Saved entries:
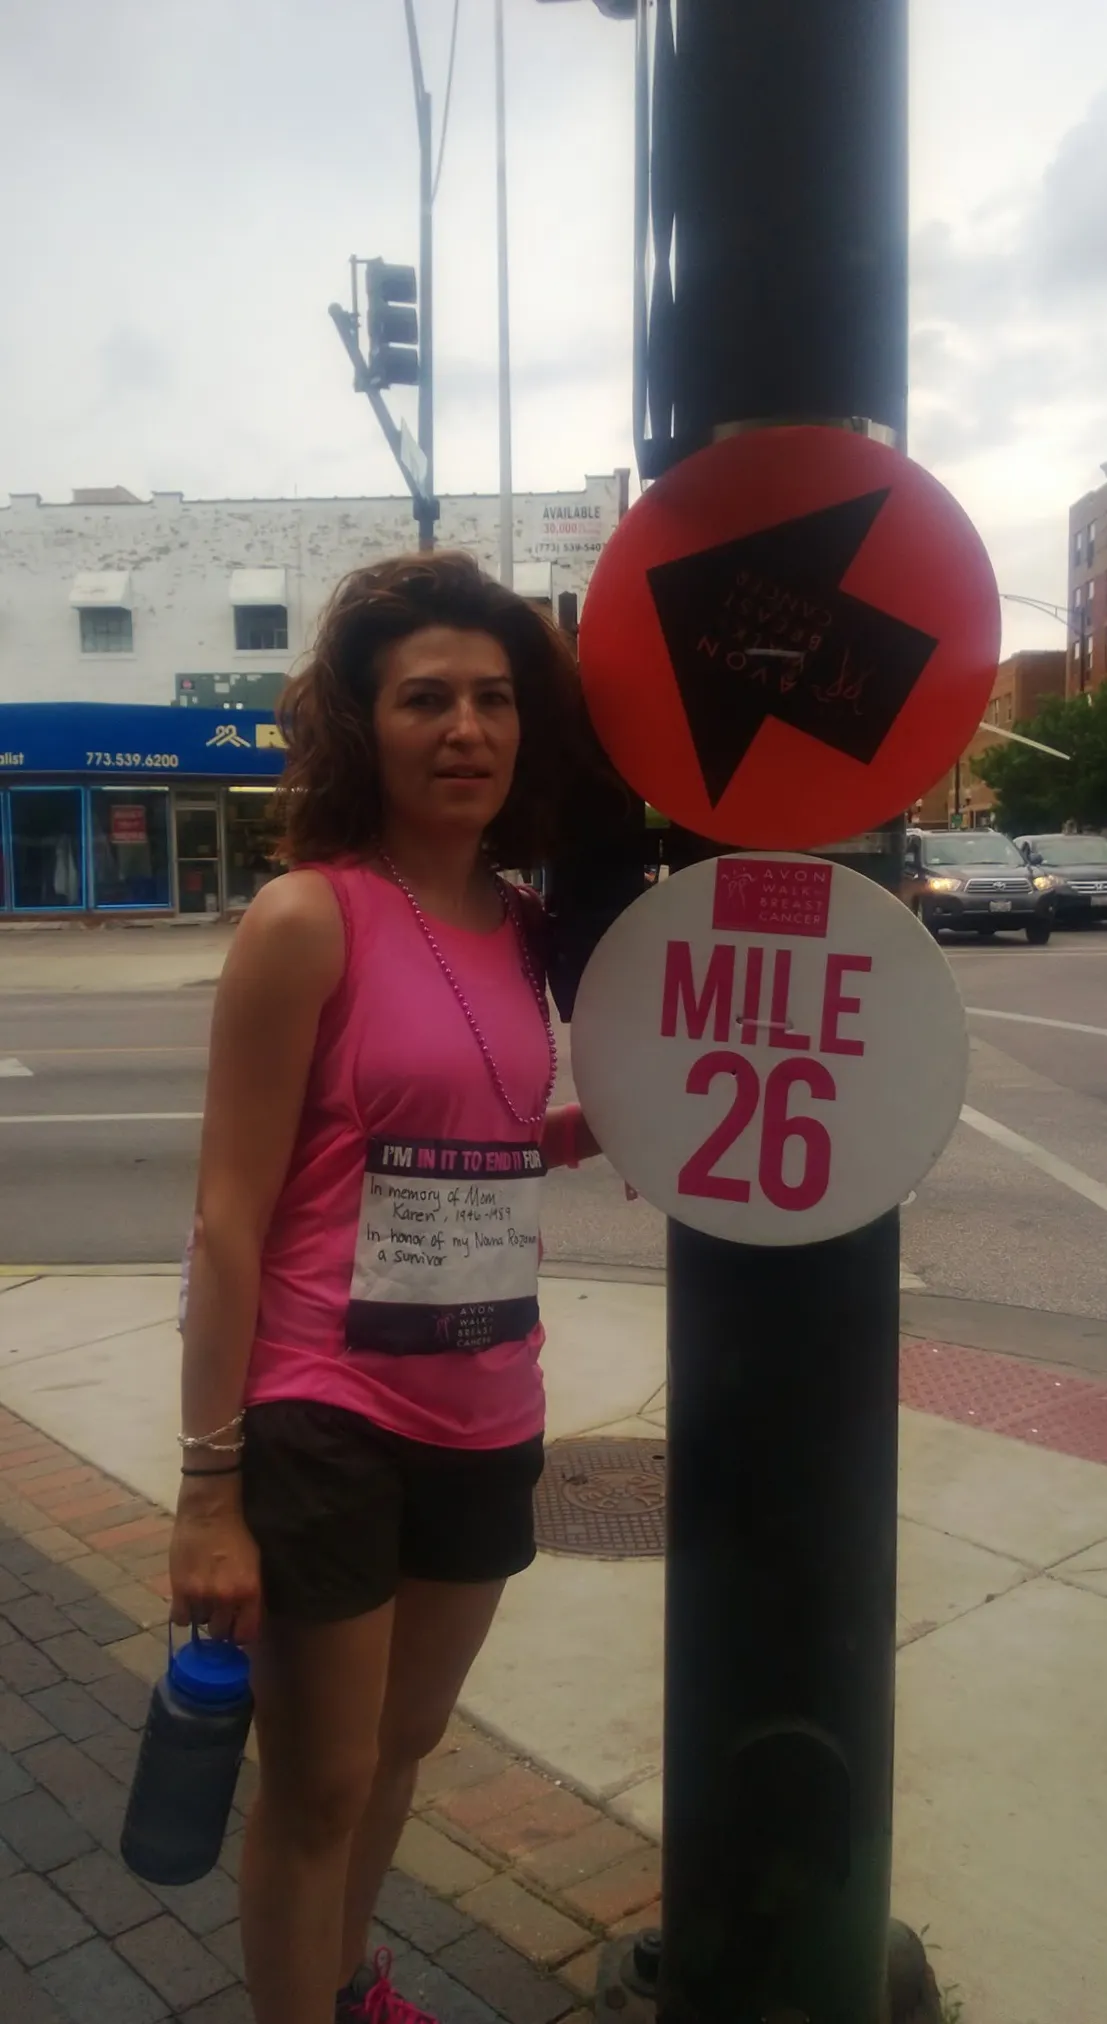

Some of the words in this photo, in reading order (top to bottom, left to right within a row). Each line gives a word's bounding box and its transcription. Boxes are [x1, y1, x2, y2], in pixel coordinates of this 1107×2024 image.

[543, 506, 601, 519] AVAILABLE
[697, 635, 797, 693] AVON
[86, 752, 179, 768] 773.539.6200
[763, 868, 826, 882] AVON
[760, 897, 823, 912] BREAST
[759, 912, 821, 925] CANCER
[660, 940, 872, 1057] MILE
[677, 1050, 836, 1212] 26
[382, 1144, 413, 1168] I'M
[416, 1148, 436, 1170] IN
[440, 1150, 457, 1171] IT
[462, 1150, 481, 1172] TO
[485, 1151, 511, 1172] END
[522, 1149, 542, 1169] FOR
[370, 1176, 383, 1195] In
[389, 1188, 440, 1211] memory
[447, 1187, 460, 1206] of
[367, 1223, 380, 1242] In
[390, 1228, 426, 1245] honor
[430, 1232, 445, 1249] of
[452, 1237, 470, 1258] my
[378, 1250, 387, 1262] a
[460, 1305, 494, 1315] AVON

* WHAT TO WORK ON *
Retype the data above verbatim, minus images.

* WRITTEN REPLY *
Some of the words in this photo, in reading order (top to bottom, left to right within a row). Each line gives a word's bounding box and its transcription. Boxes are [x1, y1, x2, y2], in pixel coordinates of this 1107×2024 image.

[543, 506, 601, 519] AVAILABLE
[697, 635, 797, 693] AVON
[86, 752, 179, 768] 773.539.6200
[763, 868, 826, 882] AVON
[760, 897, 823, 912] BREAST
[759, 912, 821, 925] CANCER
[660, 940, 872, 1057] MILE
[677, 1050, 836, 1212] 26
[382, 1144, 413, 1168] I'M
[416, 1148, 436, 1170] IN
[440, 1150, 457, 1171] IT
[462, 1150, 481, 1172] TO
[485, 1151, 511, 1172] END
[522, 1149, 542, 1169] FOR
[370, 1176, 383, 1195] In
[389, 1188, 440, 1211] memory
[447, 1187, 460, 1206] of
[367, 1223, 380, 1242] In
[390, 1228, 426, 1245] honor
[430, 1232, 445, 1249] of
[452, 1237, 470, 1258] my
[378, 1250, 387, 1262] a
[460, 1305, 494, 1315] AVON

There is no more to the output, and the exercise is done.